Charlie Christian. This single-coil was introduced in 1936 on Gibson’s fabled ES-150, an archtop that became synonymous with jazz legend Charlie Christian. Gibson used this pickup until 1946, when the P-90 replaced it. Jason Lollar and Colin Cosimini of CC Pickups are two makers who work to preserve this traditional design. The pickup is available for the Tele bridge position and it offers a fat, deep tone with round, clear highs and a long sustain.

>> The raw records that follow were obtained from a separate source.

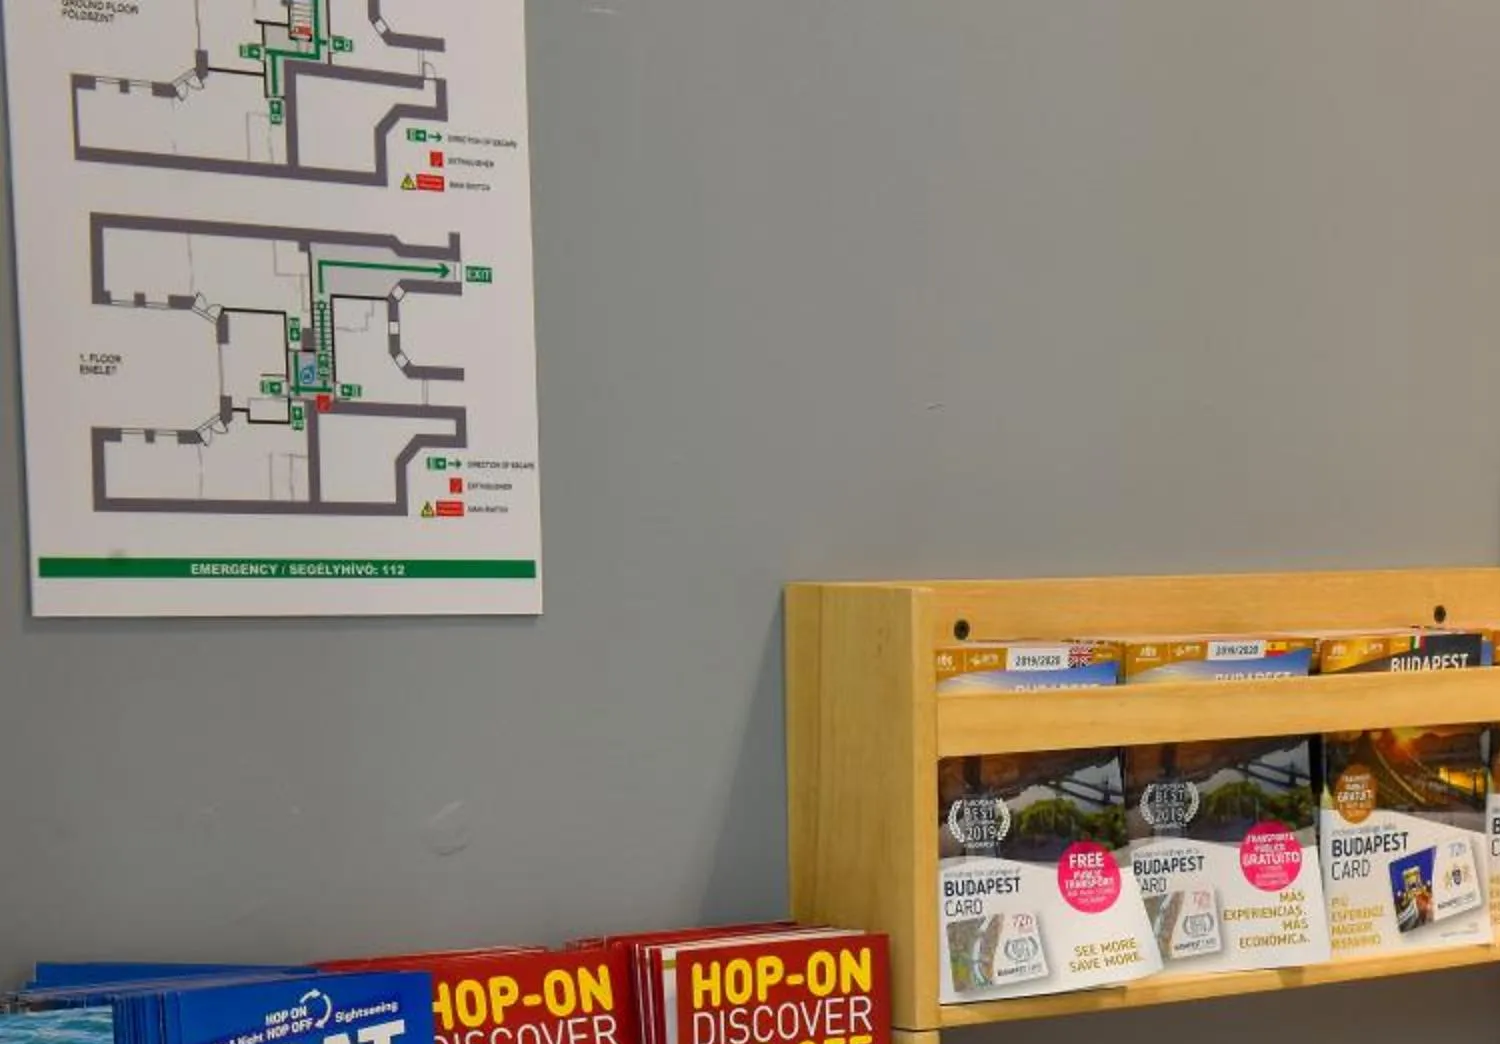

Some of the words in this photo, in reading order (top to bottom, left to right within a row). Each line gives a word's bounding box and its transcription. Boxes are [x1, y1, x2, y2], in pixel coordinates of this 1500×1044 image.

[466, 268, 492, 281] EXIT
[190, 563, 279, 576] EMERGENCY
[382, 564, 406, 577] 112
[1015, 654, 1062, 668] 2019/2020
[1390, 653, 1469, 673] BUDAPEST
[1154, 791, 1185, 803] BEST
[963, 806, 995, 821] BEST
[1154, 806, 1186, 823] 2019
[966, 822, 998, 842] 2019
[1331, 831, 1409, 858] BUDAPEST
[1068, 853, 1105, 868] FREE
[1133, 855, 1206, 876] BUDAPEST
[1241, 851, 1300, 866] GRATUITO
[1331, 859, 1372, 881] CARD
[943, 877, 1022, 897] BUDAPEST
[944, 899, 983, 917] CARD
[1073, 943, 1098, 957] SEE
[1100, 938, 1138, 953] MORE
[1068, 957, 1101, 973] SAVE
[690, 946, 873, 1010] HOP-ON
[432, 963, 614, 1031] HOP-ON
[265, 1010, 289, 1026] HOP
[290, 1005, 308, 1019] ON
[334, 1001, 399, 1023] Sightseeing
[266, 1025, 289, 1041] HOP
[291, 1016, 315, 1034] OFF

Melody Maker. Another single-coil, this pickup appeared in Gibson Melody Maker models built from 1959 to 1971. In recent years it has become a sought-after Telecaster option. Offering a stellar combination of high output and sweet treble response, the pickup delivers a good punchy bite, especially when you drive your amp into saturation. This design is available in several shapes, so you can mount it in the bridge position. You can also find it in humbucker format.